エレンは少し身を乗り出すと、ローフィリアに向かって言った。
「そのまま向かってくれ。見覚えのある所に出たら知らせる」
【分かった】
それからしばらく、無言のまま進む。それからふと、エレンは気になったことを訊ねる。
「……なぁ、何で闇竜族は竜型だと喋れないんだ?」
理性が無くなるのかと思っていたが、そうではないらしい。この通り、竜の姿でもローフィリアは変わらず思考している。
【なんか……竜は声とは別の所で喋るんだけど、その器官が闇竜族は発達してないんだって】
ローフィリアはギャーン、と叫んで見せる。竜型の声は頭の中に響く少年の声と全く違って可愛くない。
〈うわぁなんだ!〉
エレンの肩にいたエレボスがビクリとする。ローフィリアの【ごめんなさい】という声が返って来る。

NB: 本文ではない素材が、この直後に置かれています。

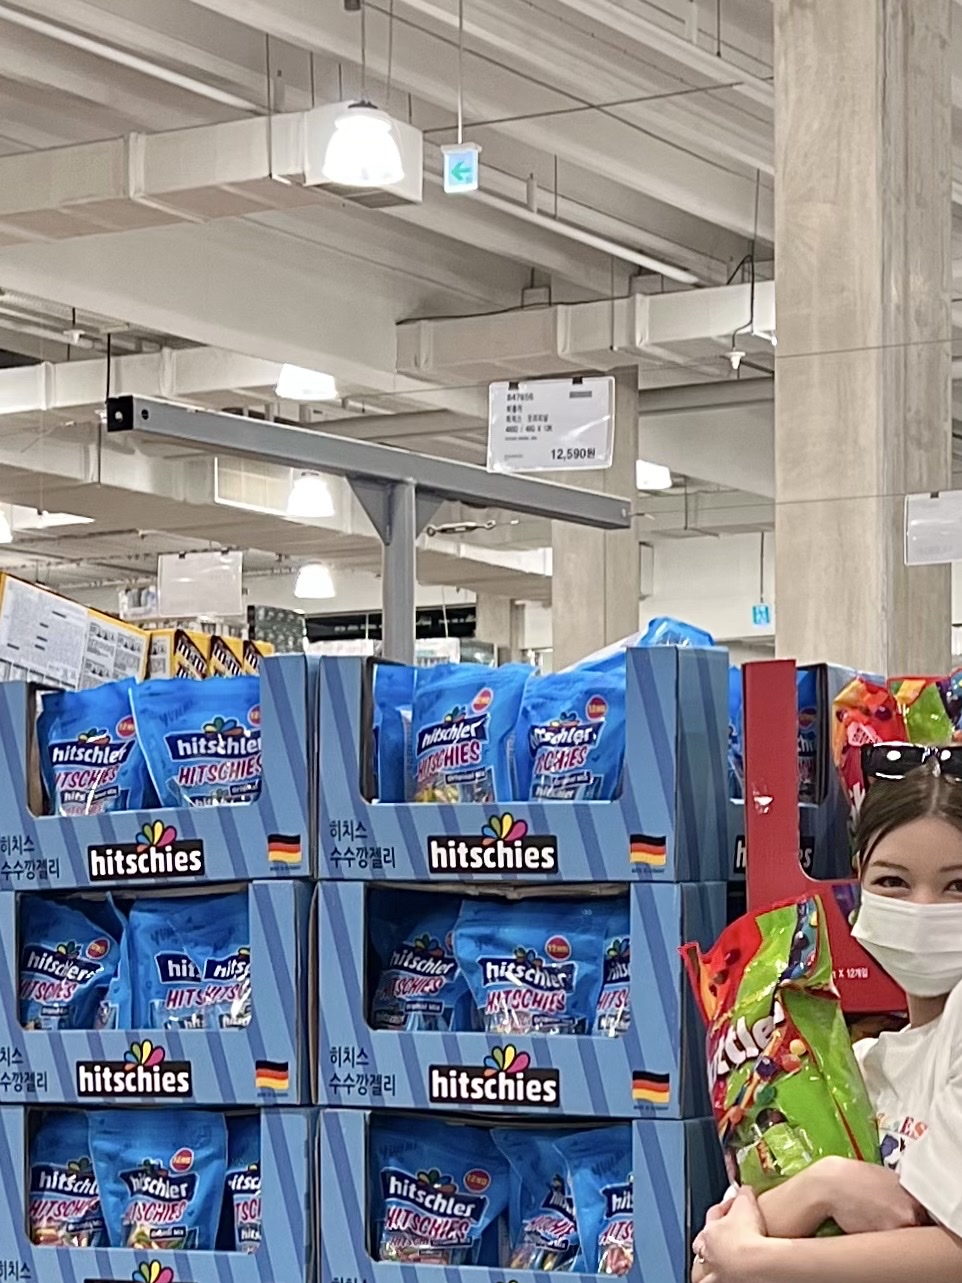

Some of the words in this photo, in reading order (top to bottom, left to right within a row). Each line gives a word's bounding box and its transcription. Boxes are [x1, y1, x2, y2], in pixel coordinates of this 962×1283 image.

[551, 448, 595, 460] 12,590원
[329, 820, 368, 840] 히치스
[90, 847, 201, 876] hitschies
[330, 846, 395, 869] 수수깡젤리
[431, 840, 555, 870] hitschies
[329, 1046, 369, 1067] 히치스
[79, 1065, 189, 1093] hitschies
[329, 1073, 395, 1097] 수수깡젤리
[432, 1071, 557, 1103] hitschies
[389, 1176, 477, 1220] hitschler

【お母さん寄りの体だったら、僕も喋れたのかなぁ。……何で闇竜族ってこうなんだろ。あんまり他人と関わりたくないのかな】
「……さぁな」
ライナーは、ロレンとの融和を拒んでいる。宿主を宿主とせず、ただ己の肉の器にせんとして……ここへ彼を連れて来た。

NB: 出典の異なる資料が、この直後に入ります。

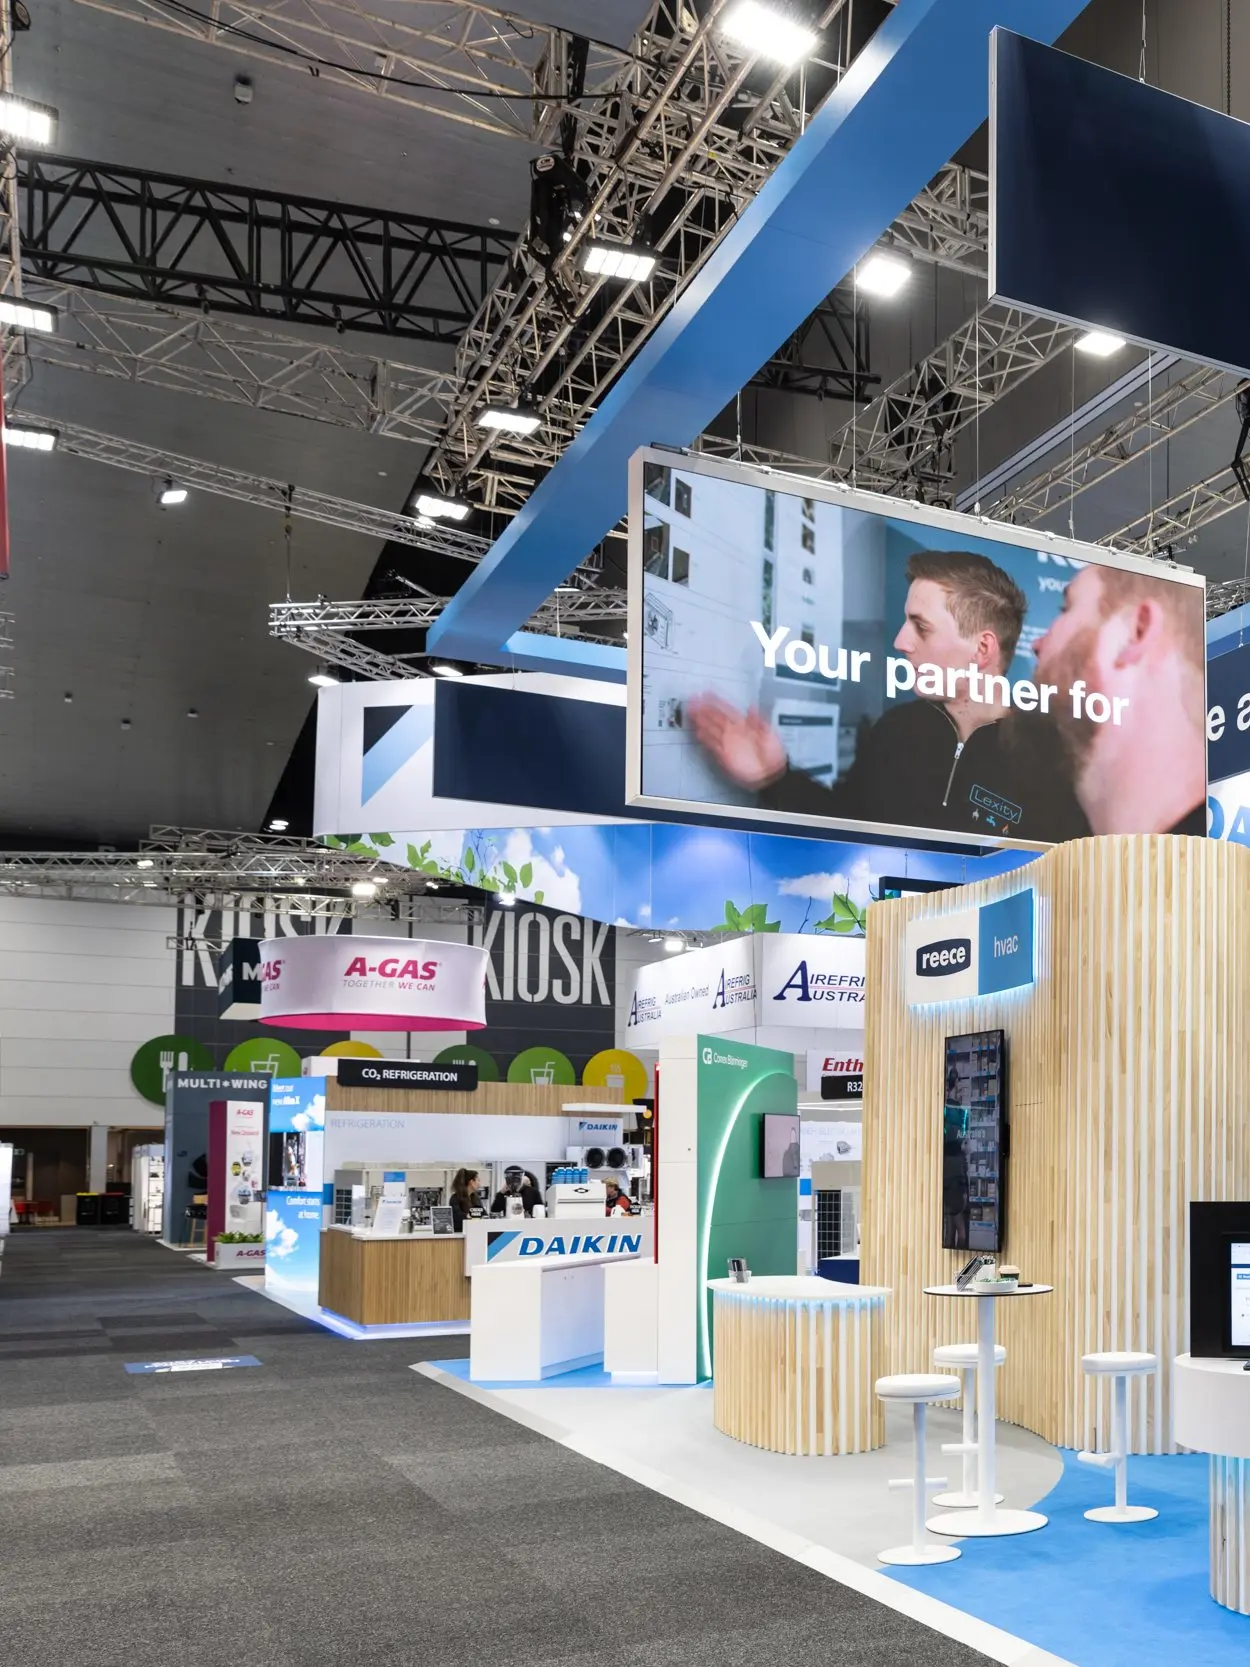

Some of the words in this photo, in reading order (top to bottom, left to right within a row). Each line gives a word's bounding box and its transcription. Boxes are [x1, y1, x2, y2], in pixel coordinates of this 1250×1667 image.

[750, 620, 870, 683] Your
[885, 655, 1057, 714] partner
[1069, 679, 1130, 725] for
[974, 790, 1018, 820] Lexity
[473, 910, 611, 1005] KIOSK
[922, 946, 966, 969] reece
[994, 935, 1019, 958] hvac
[343, 980, 395, 989] TOGETHER
[398, 982, 414, 990] WE
[417, 983, 435, 991] CAN
[383, 1069, 458, 1082] REFRIGERATION
[330, 1119, 405, 1129] REFRIGERATION
[587, 1123, 618, 1131] DAIKIN
[519, 1235, 642, 1256] DAIKIN

……ライナーを倒して、その先はどうするのだろう。ロレンに憑いている以上は、単純に倒して終わりとはいかない。彼の人となりをエレンは知らないが、行いからして簡単にロレンと融和してくれるとは思えない。
でも……。と、エレンは乗っているローフィリアの背中を撫でる。
〈……なぁ。あまり入れ込むなよ〉
肩からエレボスがそう釘を刺して来る。エレンはムッとする。
「………分かってる。もし、お前たちの言う通りなら……その時は、俺が責任を取るよ」
〈本当かね。それでもなお庇うようなら、俺はお前でも容赦しねーぞ〉
「…………」
その時、ビャーン! と耳をつんざくような声が聞こえて来た。思わずエレンたちは耳を塞いだ。
「何だ! うわっ!」
急にローフィリアが高度を下げる。どし、と森の中に着地したかと思うと、皆を降ろして人型に戻る。
「どうした」
「…………ごめん、反射で。今のは敵襲の合図だ」
「え?」
イアリたちのことが過ぎる。そう言えば、グリフは皇族は縄張りに入った者を感知出来ると言っていた。自分たちのことか、それとも。
「……今のは竜皇?」
「ううん。見張りの竜たちだ。……空からの侵入者かな」
「空…………」
グリフたちがそんなことをするはずがない。となれば。
「……陽動部隊の到着か」
「他にも仲間がいるの? ……大丈夫かな。この合図でたくさんの竜が襲いかかると思うけど……」
「お前は行かなくていいのか」
人型に戻ったエレボスが、ローフィリアにそう言う。少年はびっくりした目をして、ぶんぶんと首を横に振った。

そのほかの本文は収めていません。